The influence on learning and transfer of learning of the various ID elements described in the rating scale items of each of the subscales (authenticity, activation of prior knowledge, demonstration, application, and integration/transfer) has frequently been demonstrated [14, 15, 19, 35, 37]. Therefore, even for a subscale with an IRR considered to be “fair,” such as “demonstration,” possible neglect of some of its instructional features may compromise the effectiveness of simulation training. For instance, failing to demonstrate the skills to be learned, as highlighted in the items “trainees are given demonstrations of the skills and/or models of the behaviors they are expected to learn” and “trainees receive multiple demonstrations that represent alternative ways of performing the skills that need to be learned” may also significantly hinder the complex learning and transfer of learning essential for the proper management of high-risk situations, such as postpartum hemorrhage [15, 19, 38].

Our overall findings provide further support for concerns previously raised by systematic reviews on simulation training effectiveness and the lack of use of evidence-based ID guidelines [7, 18]. We also consider the large number of articles identified and included in our analysis an important strength of our study. It is also worth noting the large number of more recent studies included in our analysis, demonstrating growing interest in training healthcare providers for high-risk situations such as PPH [39]. Our findings, however, indicate that even recent studies of simulation neglect to describe using evidence-based ID guidelines and it is thus reasonable to infer that they did not use them. This may significantly compromise learning and transfer of learning. Furthermore, such studies indicate a worrying lack of awareness regarding these ID guidelines on the part of those who design such simulation training [1, 40].

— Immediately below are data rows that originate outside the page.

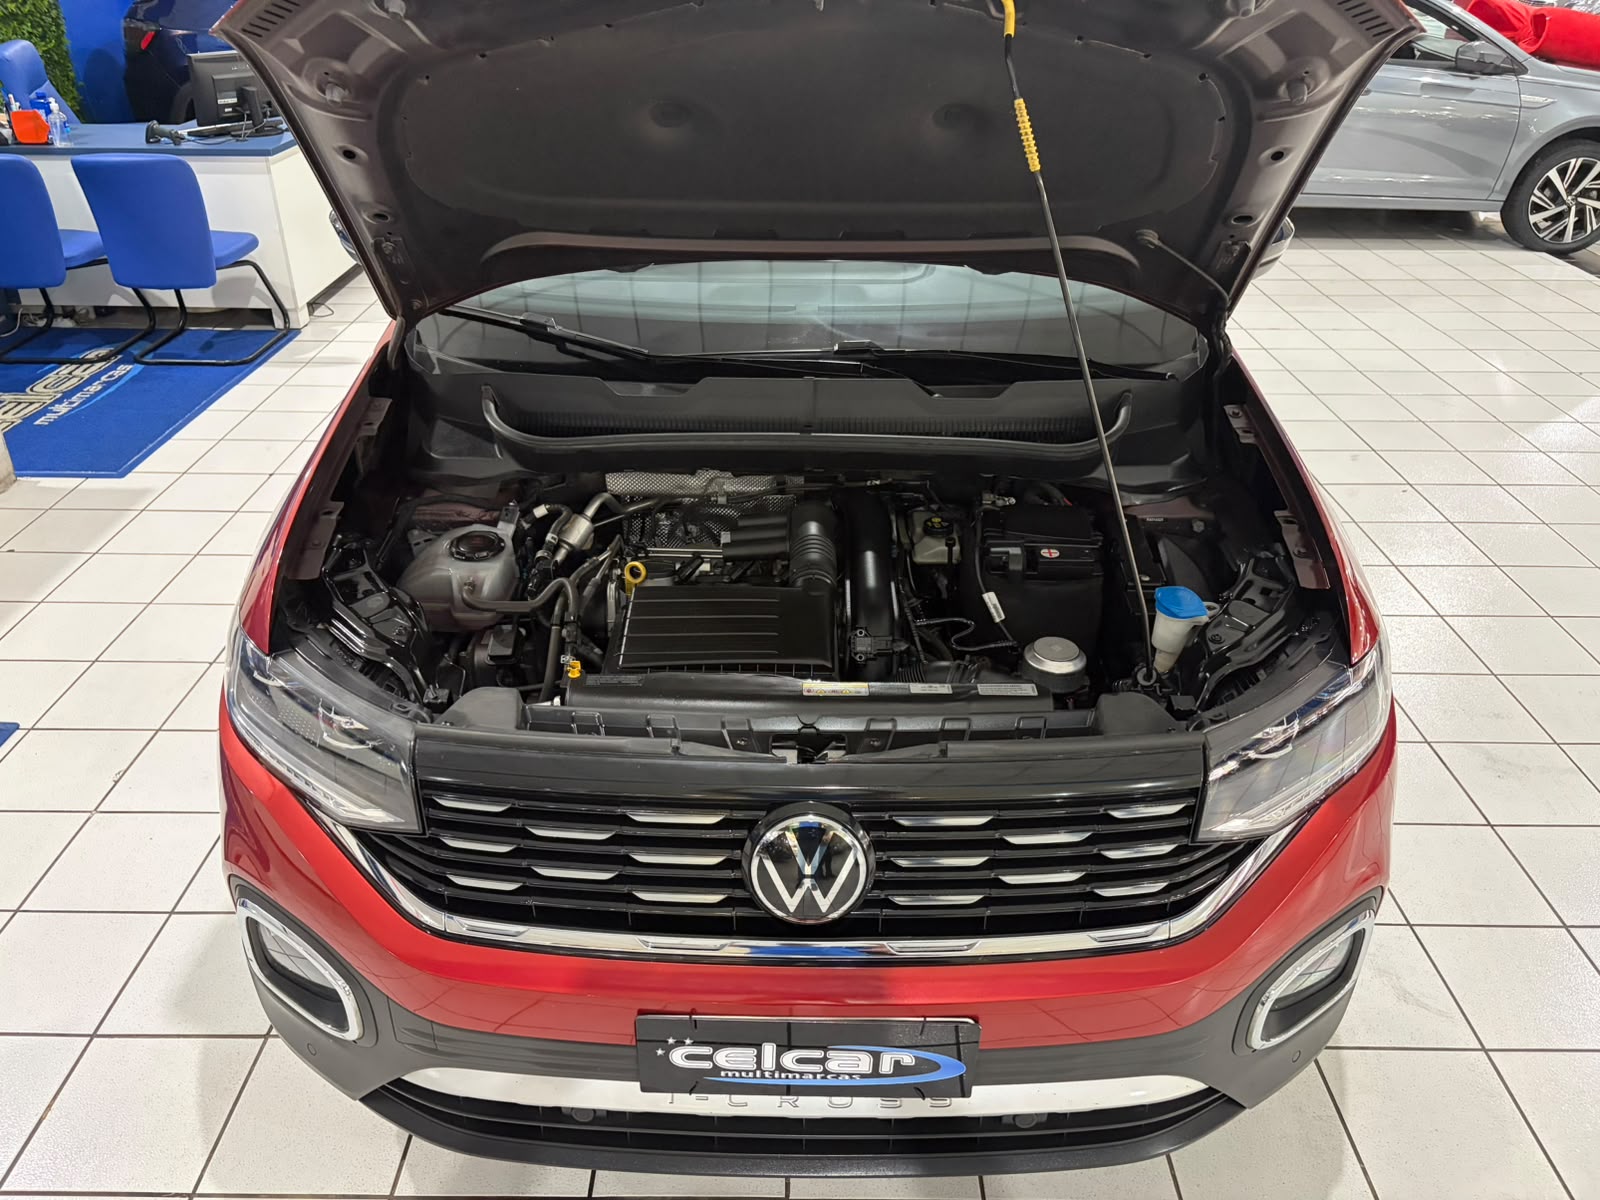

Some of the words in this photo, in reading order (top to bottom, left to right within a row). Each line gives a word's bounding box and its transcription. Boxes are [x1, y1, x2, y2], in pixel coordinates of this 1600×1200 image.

[0, 347, 123, 433] elcar
[33, 363, 134, 425] multimarcas
[757, 828, 860, 913] VW
[668, 1042, 915, 1074] celcar
[720, 1068, 862, 1081] multimarcas
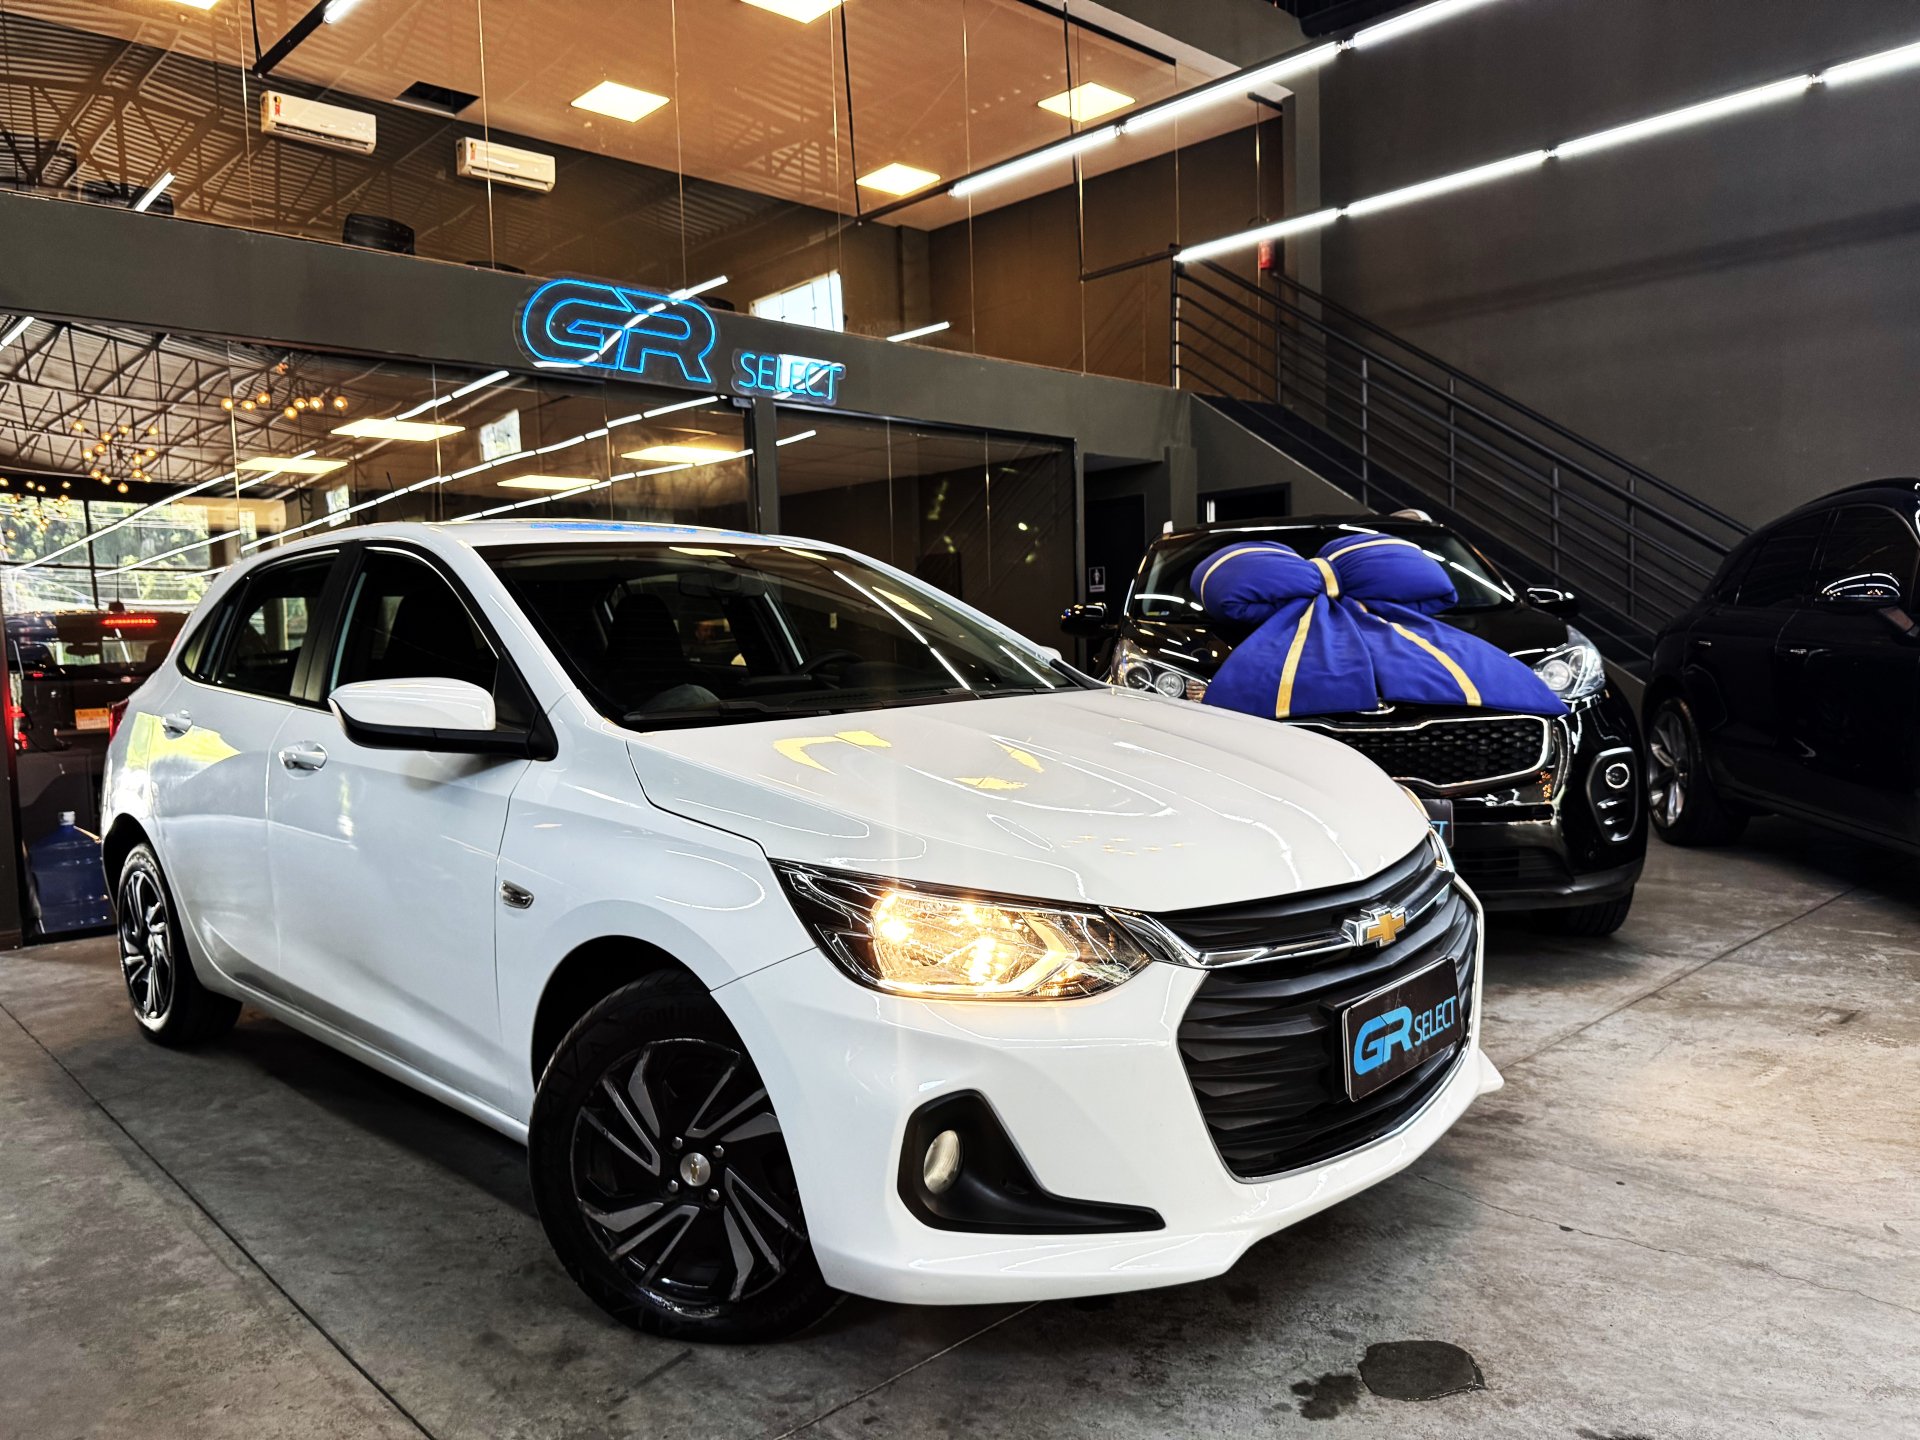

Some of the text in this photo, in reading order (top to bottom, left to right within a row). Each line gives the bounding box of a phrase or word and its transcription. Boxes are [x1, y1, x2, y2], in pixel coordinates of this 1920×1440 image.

[523, 279, 843, 400] GR SELECT
[1354, 996, 1456, 1075] GR SELECT
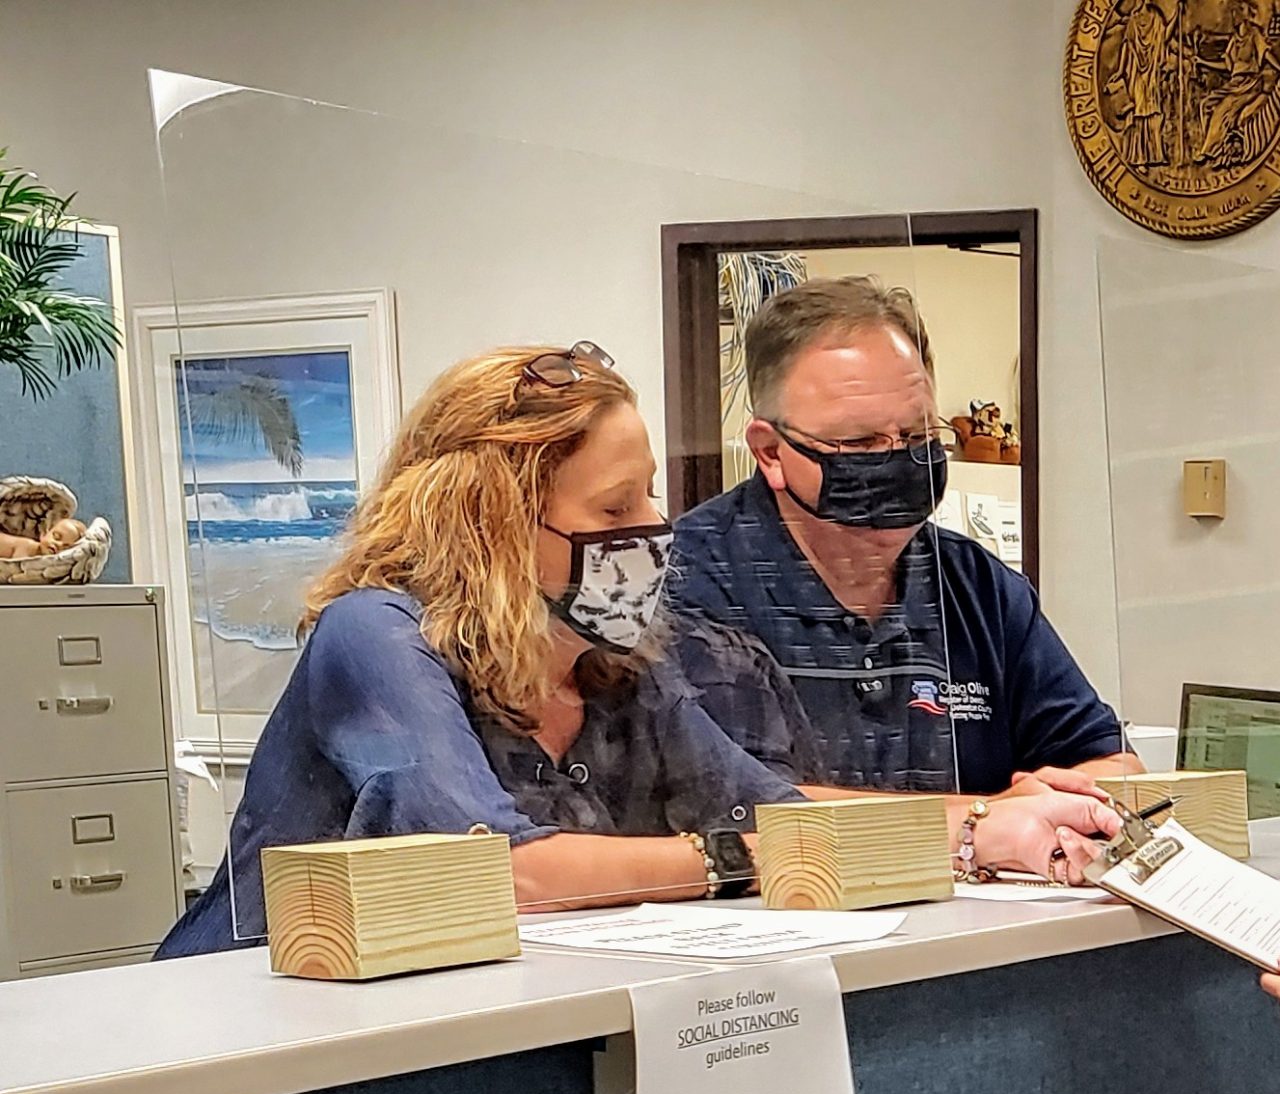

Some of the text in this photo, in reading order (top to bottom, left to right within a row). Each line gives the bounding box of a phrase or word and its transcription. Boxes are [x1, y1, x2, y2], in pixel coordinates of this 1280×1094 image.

We acknowledge that some of the articles analyzed did report adherence to evidence-based ID guidelines in the PPH simulation training described. However, our strategy using mean score per subscale for our analysis may have led to some of the instructional strengths of some of the simulation trainings described being overlooked and this should be considered a limitation of our study. Analysis of a single simulation training content area (i.e., PPH) may also be seen as a study limitation, notwithstanding the high epidemiological prevalence of PPH and its similarity to other high-risk situations. However, other training content areas that focus more on deliberate practice of routine aspects of a task (such as Rapid Cycle Deliberate Practice) [37] and less on whole-task practice may require a different set of instructional design guidelines. In terms of the selection of raters, our goal of achieving an adequate number of participants may have led to the inclusion of raters who did not strictly adhere to Ericsson’s [41, 42] criteria for being considered an expert.

Furthermore, some of our experts may have lacked the PPH knowledge necessary to assess content-related design principles (e.g., authenticity). Finally, our aggregation protocol — recoding “not described”/ “not applicable” as “strongly disagree” — may also be seen as a study limitation. We nevertheless believe it is justifiable to consider the lack of reporting of the use of evidence-based ID guidelines as indicating potential disregard as to the importance of such guidelines.

Future studies of the use of evidence-based instructional design guidelines in healthcare simulation should include a larger number of content areas for analysis and aim to identify instructional strengths using specific simulation trainings described in the literature. Likewise, exploratory research design may contribute to a better understanding of the current reasons for shortcomings with regard to adequate description of ID guideline features. The use of alternative rating strategies may also improve interrater reliability.

Conclusion

In conclusion, we highlight the overall paucity of descriptions of the use of evidence-based ID guidelines in simulation training programs for high-risk situations, such as PPH. Encouraging faculty to further promote adequate use and description of these guidelines, particularly when reporting data regarding simulation training programs, may help to improve simulation training effectiveness and transfer of learning.